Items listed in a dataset
▼
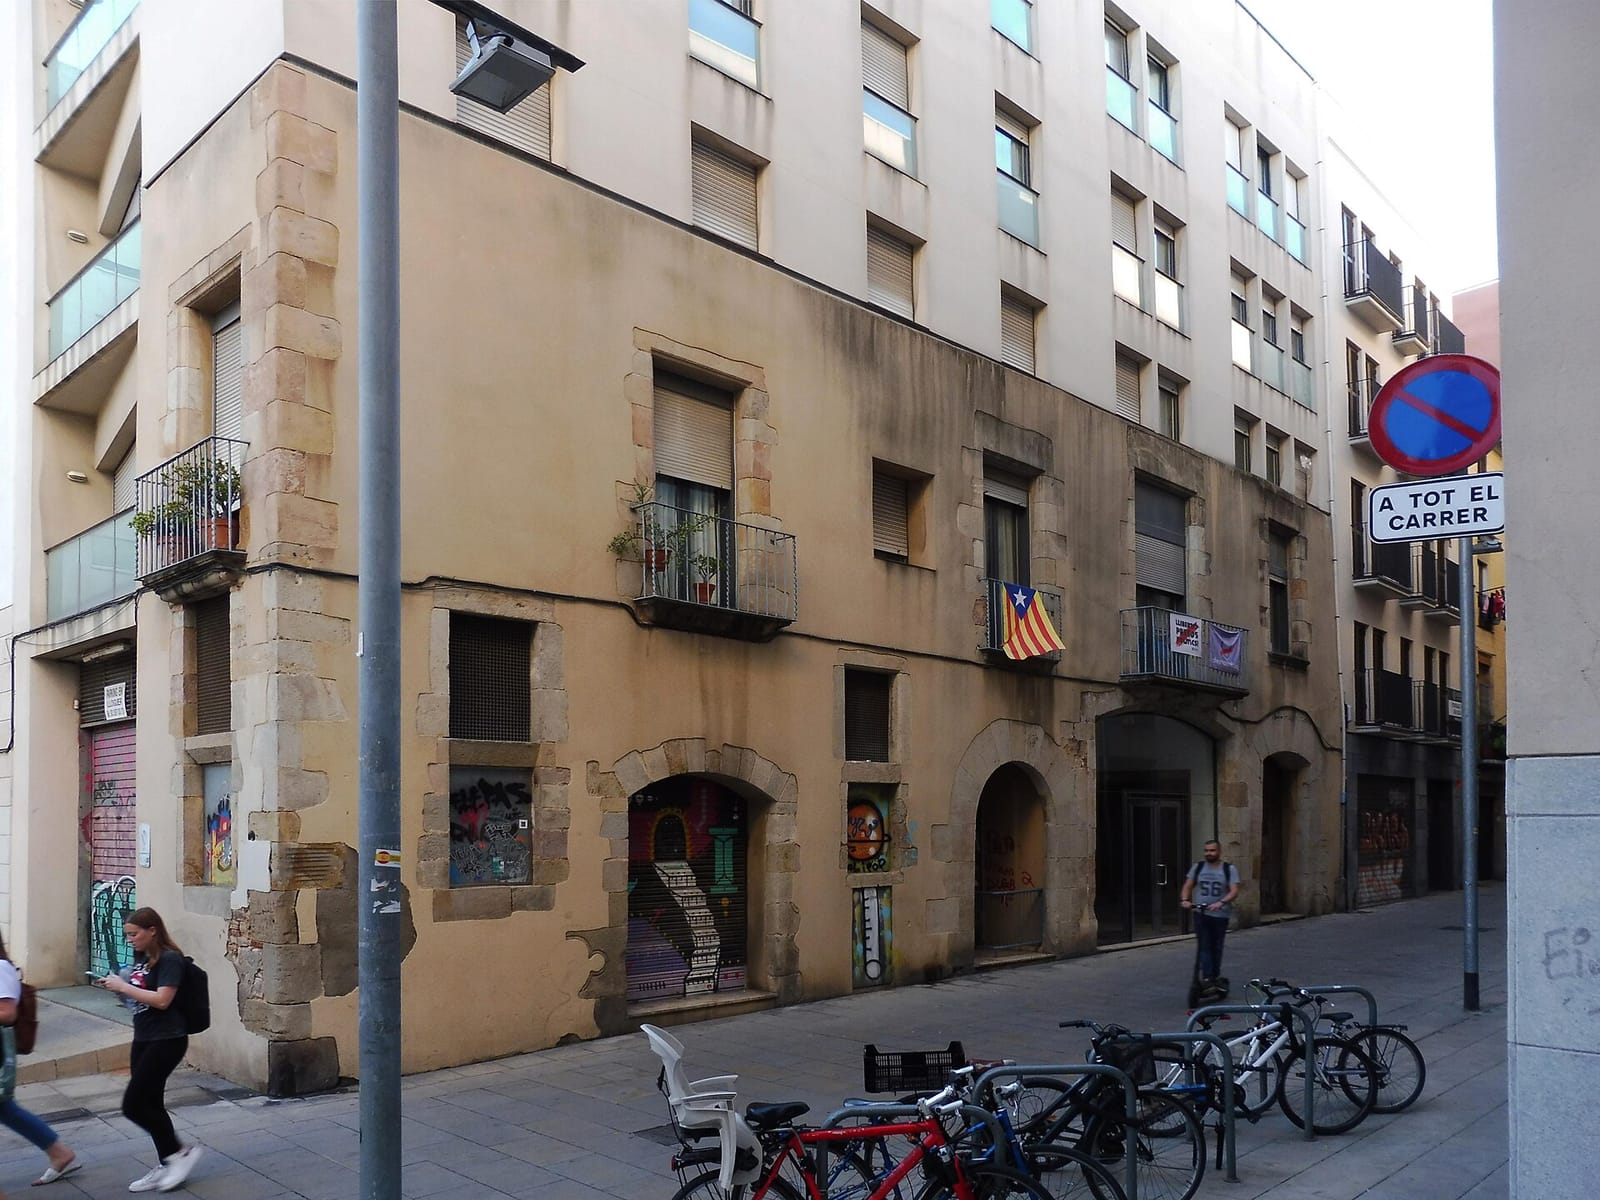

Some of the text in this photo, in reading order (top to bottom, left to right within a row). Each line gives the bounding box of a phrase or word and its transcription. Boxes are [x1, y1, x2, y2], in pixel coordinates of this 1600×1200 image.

[1379, 485, 1499, 512] A TOT EL
[1389, 507, 1488, 530] CARRER
[1199, 880, 1222, 897] 56
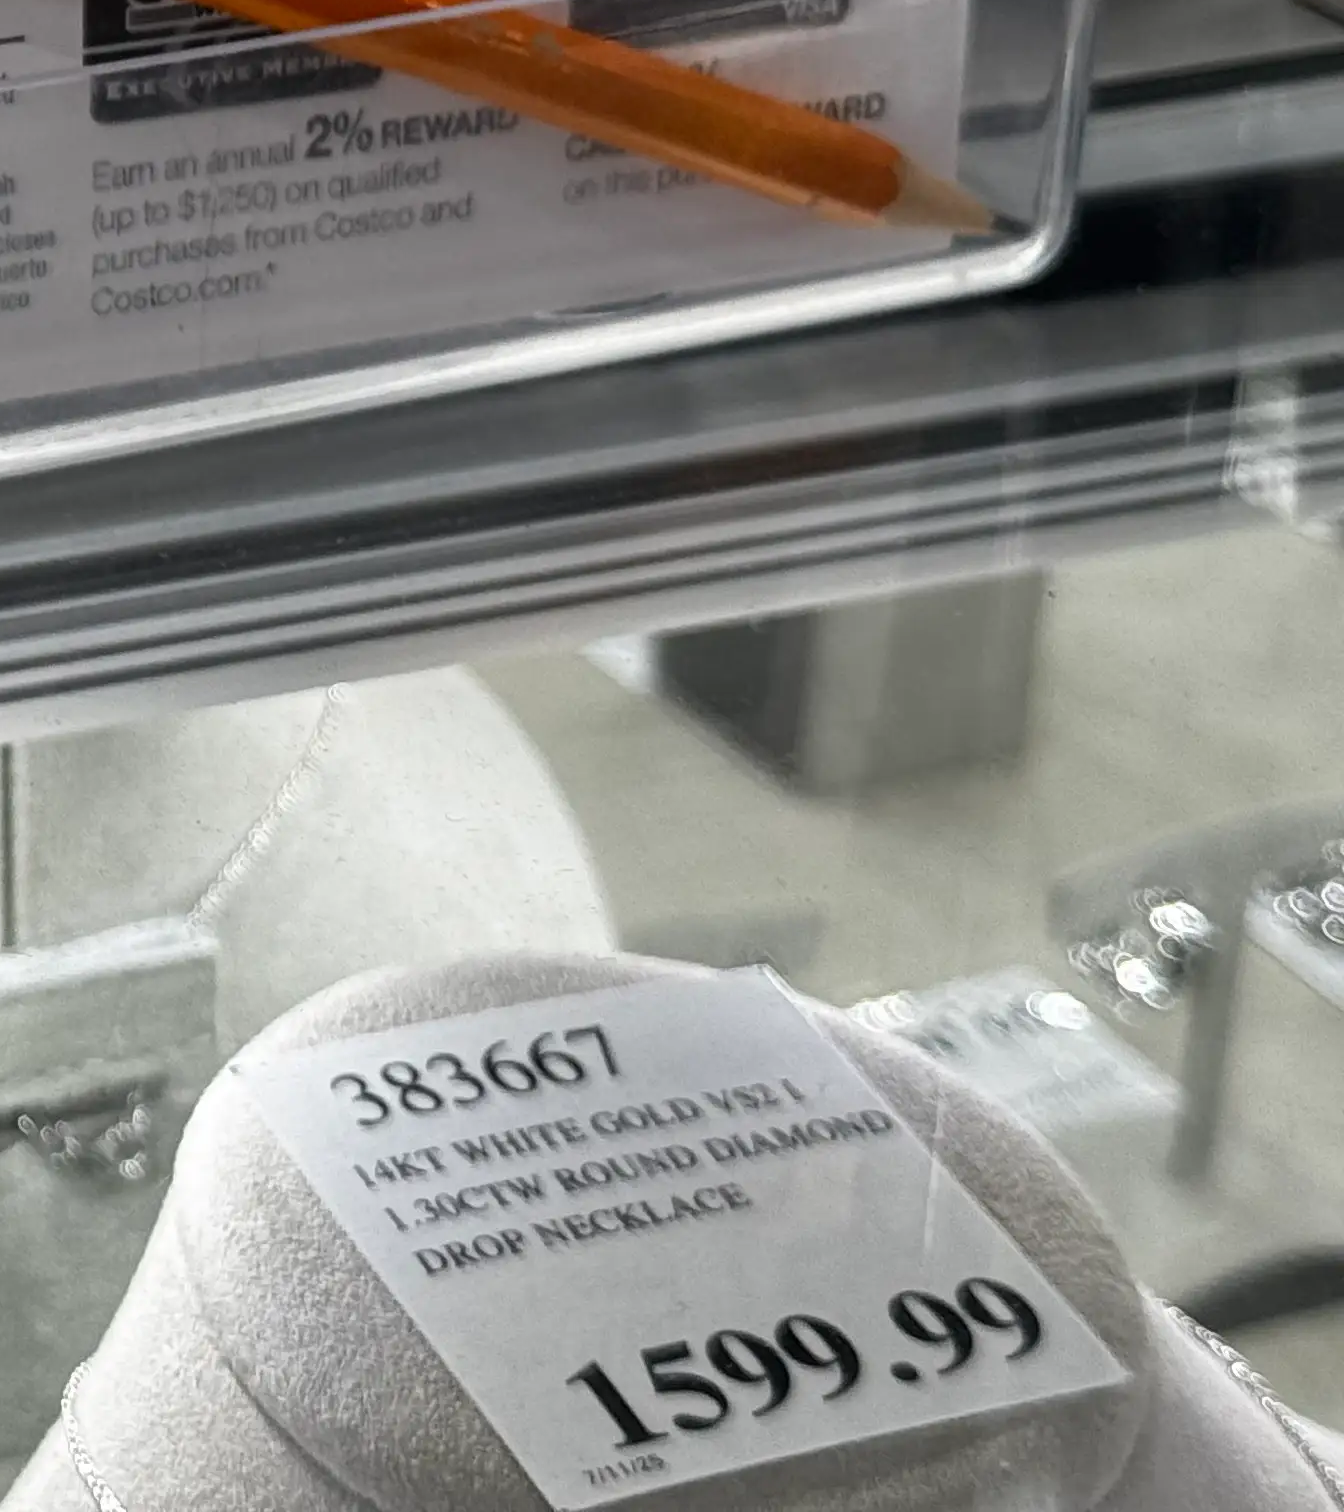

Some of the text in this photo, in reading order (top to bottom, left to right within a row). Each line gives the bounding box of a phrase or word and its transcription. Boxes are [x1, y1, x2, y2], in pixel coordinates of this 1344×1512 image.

[304, 107, 374, 159] 2%
[331, 1025, 622, 1129] 383667
[352, 1140, 446, 1191] 14KT
[452, 1115, 585, 1168] WHITE
[592, 1094, 702, 1138] GOLD
[704, 1084, 774, 1118] VS2
[384, 1109, 896, 1232] 1.30CTW ROUND DIAMOND
[415, 1182, 753, 1278] DROP NECKLACE
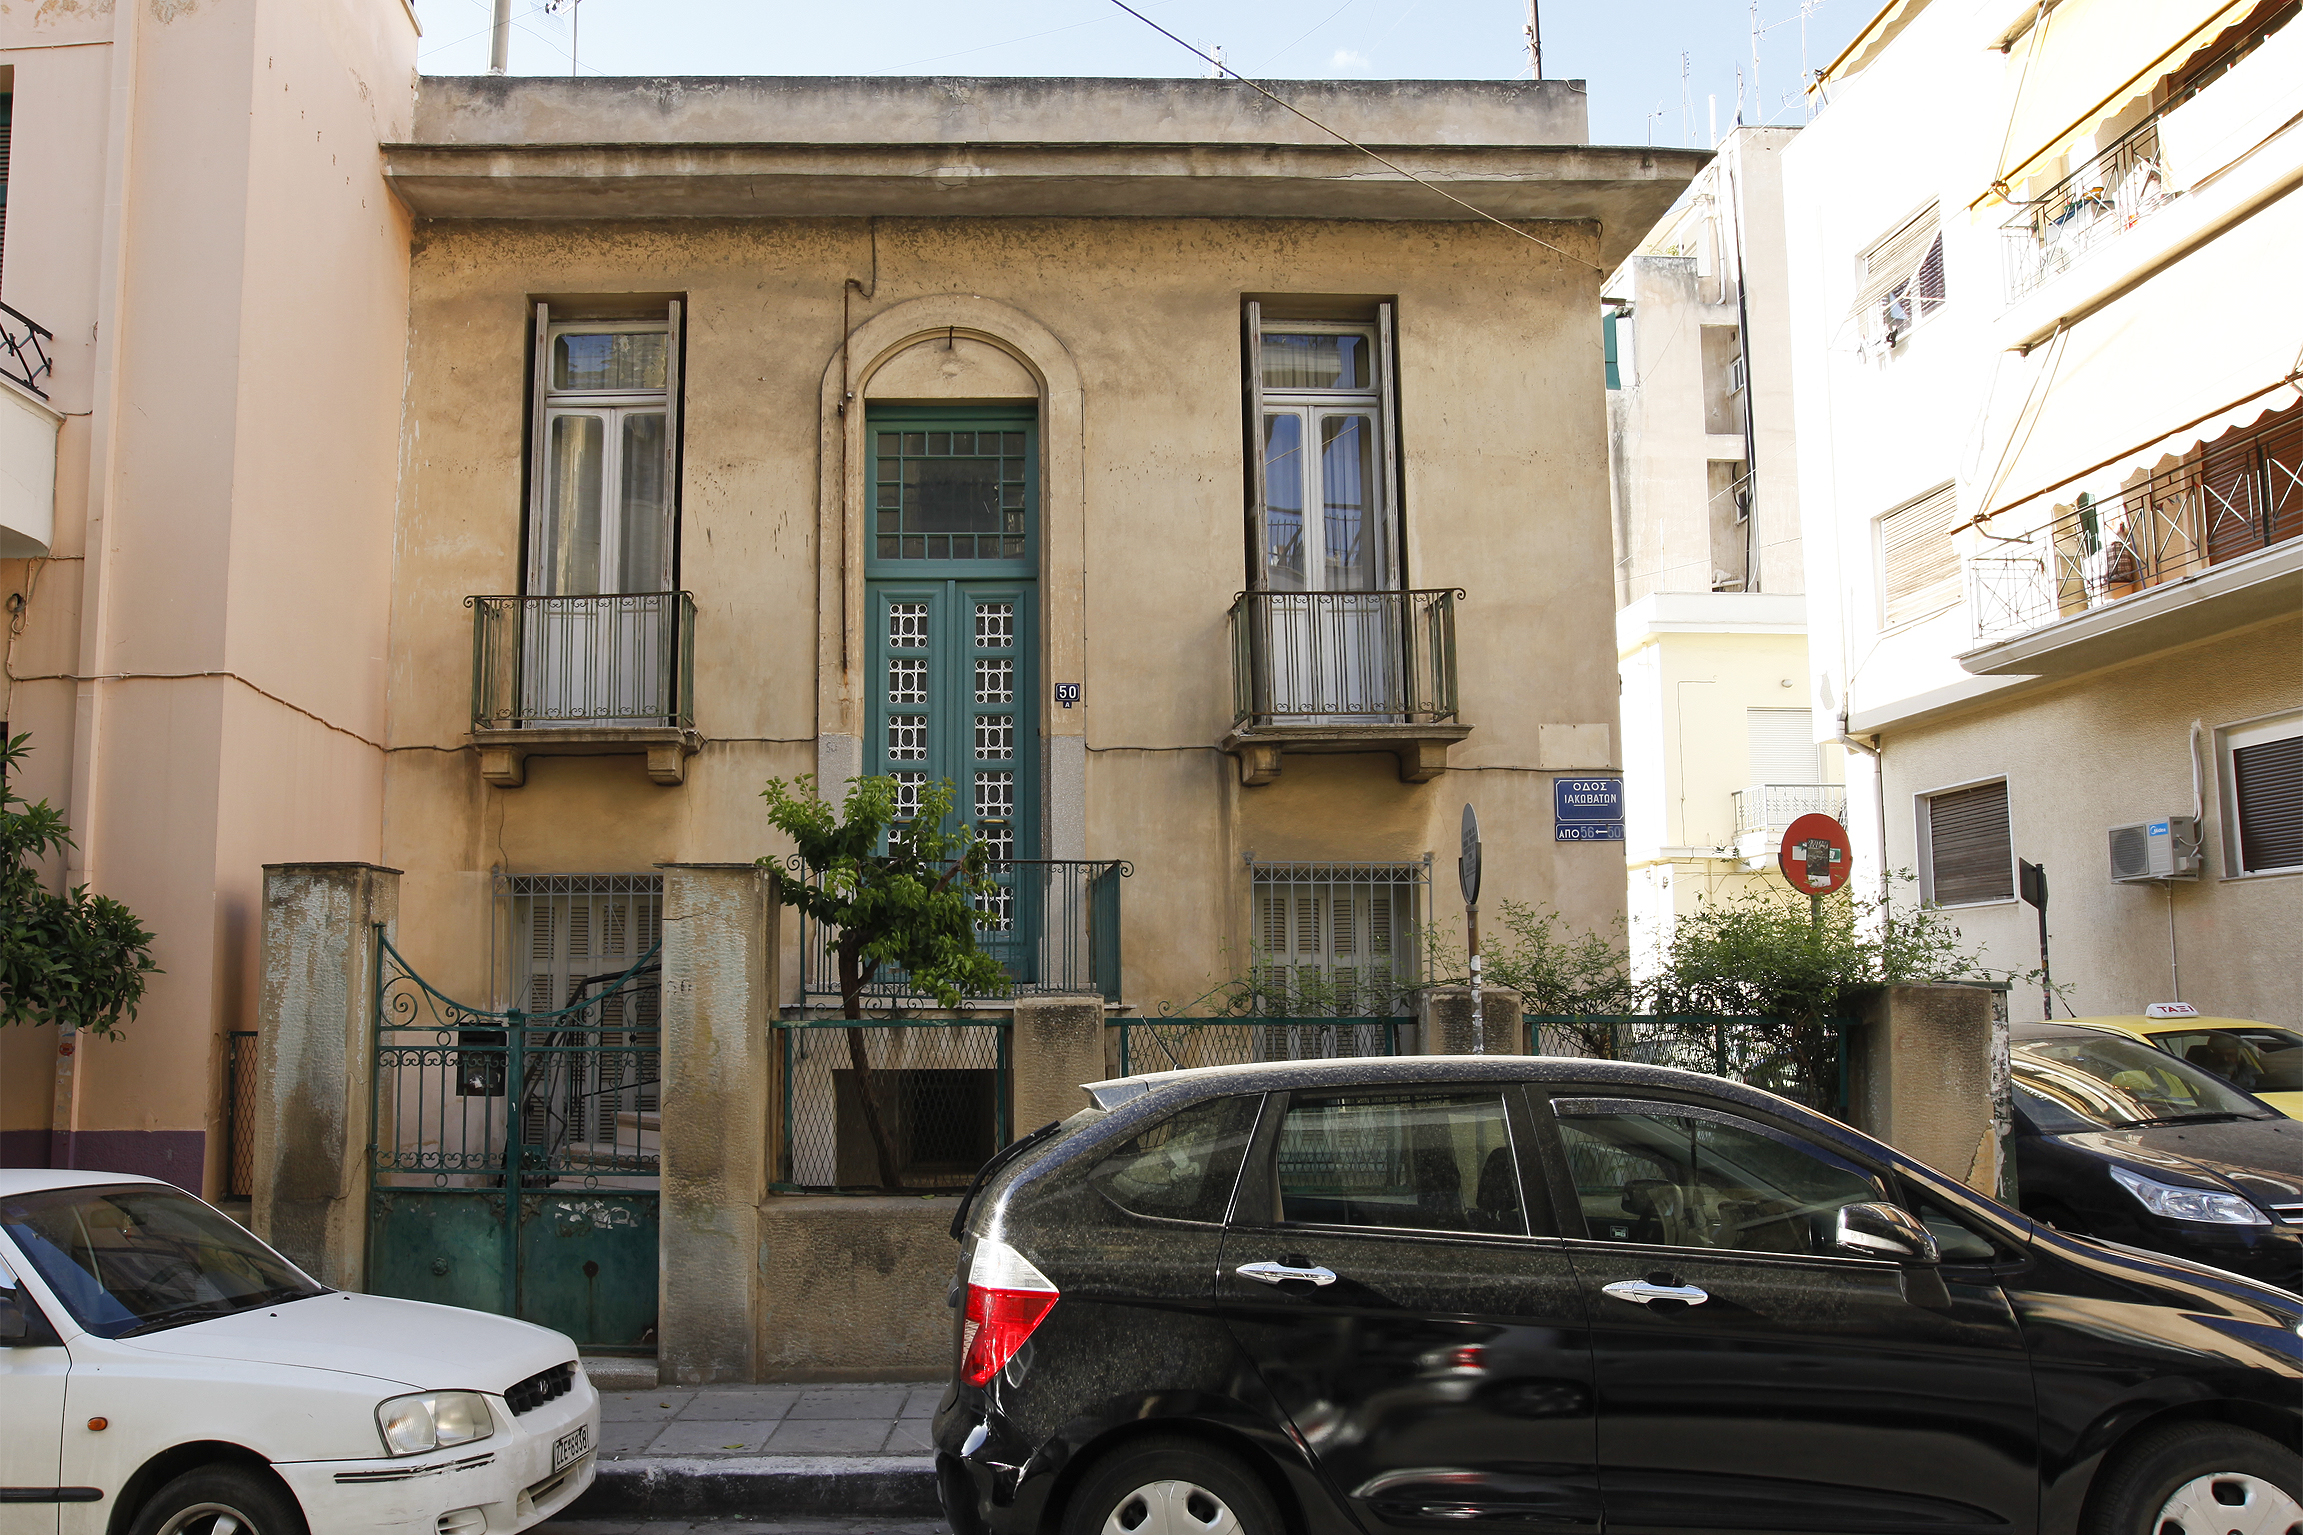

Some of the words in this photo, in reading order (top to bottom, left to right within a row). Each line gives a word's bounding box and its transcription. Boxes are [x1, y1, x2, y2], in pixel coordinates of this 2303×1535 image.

[1059, 685, 1077, 699] 50
[1572, 782, 1608, 792] ΟΔΟΣ
[1564, 793, 1617, 804] ΙΑΚΩΒΑΤΩΝ
[1558, 829, 1580, 839] ΑΠΟ
[1580, 826, 1595, 839] 56
[2156, 1005, 2195, 1013] ΤΑΞΙ
▲
- Problem requirements: Word for word, copy the line containing "Some of the words" and each line after it to the end of the records, and nothing besides.

- Result:
Some of the words in this photo, in reading order (top to bottom, left to right within a row). Each line gives a word's bounding box and its transcription. Boxes are [x1, y1, x2, y2], in pixel coordinates of this 2303×1535 image.

[1059, 685, 1077, 699] 50
[1572, 782, 1608, 792] ΟΔΟΣ
[1564, 793, 1617, 804] ΙΑΚΩΒΑΤΩΝ
[1558, 829, 1580, 839] ΑΠΟ
[1580, 826, 1595, 839] 56
[2156, 1005, 2195, 1013] ΤΑΞΙ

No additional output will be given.